=== Begin Enclosure ===

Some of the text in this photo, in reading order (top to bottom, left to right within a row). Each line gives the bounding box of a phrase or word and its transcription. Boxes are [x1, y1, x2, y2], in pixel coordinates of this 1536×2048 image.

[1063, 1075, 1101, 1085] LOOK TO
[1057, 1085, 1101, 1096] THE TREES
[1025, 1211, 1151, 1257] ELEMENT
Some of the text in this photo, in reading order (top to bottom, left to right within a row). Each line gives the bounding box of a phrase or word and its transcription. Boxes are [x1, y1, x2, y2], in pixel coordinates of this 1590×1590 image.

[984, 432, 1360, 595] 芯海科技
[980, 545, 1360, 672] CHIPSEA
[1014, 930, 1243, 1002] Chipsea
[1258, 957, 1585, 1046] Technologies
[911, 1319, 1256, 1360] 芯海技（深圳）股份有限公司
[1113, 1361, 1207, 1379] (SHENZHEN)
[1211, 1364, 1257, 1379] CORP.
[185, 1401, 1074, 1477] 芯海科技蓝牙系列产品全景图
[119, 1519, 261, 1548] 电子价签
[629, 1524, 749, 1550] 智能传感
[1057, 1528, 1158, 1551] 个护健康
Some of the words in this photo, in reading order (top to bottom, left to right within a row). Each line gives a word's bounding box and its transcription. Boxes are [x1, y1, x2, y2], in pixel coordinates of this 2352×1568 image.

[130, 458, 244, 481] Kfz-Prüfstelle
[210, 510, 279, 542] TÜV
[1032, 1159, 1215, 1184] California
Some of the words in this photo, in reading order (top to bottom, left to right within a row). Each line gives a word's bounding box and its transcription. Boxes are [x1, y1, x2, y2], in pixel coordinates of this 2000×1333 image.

=== End Enclosure ===

- _Exercise aim_:
Once you have read the material, set it down again word for word.

- _Answer_:
Some of the text in this photo, in reading order (top to bottom, left to right within a row). Each line gives the bounding box of a phrase or word and its transcription. Boxes are [x1, y1, x2, y2], in pixel coordinates of this 1536×2048 image.

[1063, 1075, 1101, 1085] LOOK TO
[1057, 1085, 1101, 1096] THE TREES
[1025, 1211, 1151, 1257] ELEMENT
Some of the text in this photo, in reading order (top to bottom, left to right within a row). Each line gives the bounding box of a phrase or word and its transcription. Boxes are [x1, y1, x2, y2], in pixel coordinates of this 1590×1590 image.

[984, 432, 1360, 595] 芯海科技
[980, 545, 1360, 672] CHIPSEA
[1014, 930, 1243, 1002] Chipsea
[1258, 957, 1585, 1046] Technologies
[911, 1319, 1256, 1360] 芯海技（深圳）股份有限公司
[1113, 1361, 1207, 1379] (SHENZHEN)
[1211, 1364, 1257, 1379] CORP.
[185, 1401, 1074, 1477] 芯海科技蓝牙系列产品全景图
[119, 1519, 261, 1548] 电子价签
[629, 1524, 749, 1550] 智能传感
[1057, 1528, 1158, 1551] 个护健康
Some of the words in this photo, in reading order (top to bottom, left to right within a row). Each line gives a word's bounding box and its transcription. Boxes are [x1, y1, x2, y2], in pixel coordinates of this 2352×1568 image.

[130, 458, 244, 481] Kfz-Prüfstelle
[210, 510, 279, 542] TÜV
[1032, 1159, 1215, 1184] California
Some of the words in this photo, in reading order (top to bottom, left to right within a row). Each line gives a word's bounding box and its transcription. Boxes are [x1, y1, x2, y2], in pixel coordinates of this 2000×1333 image.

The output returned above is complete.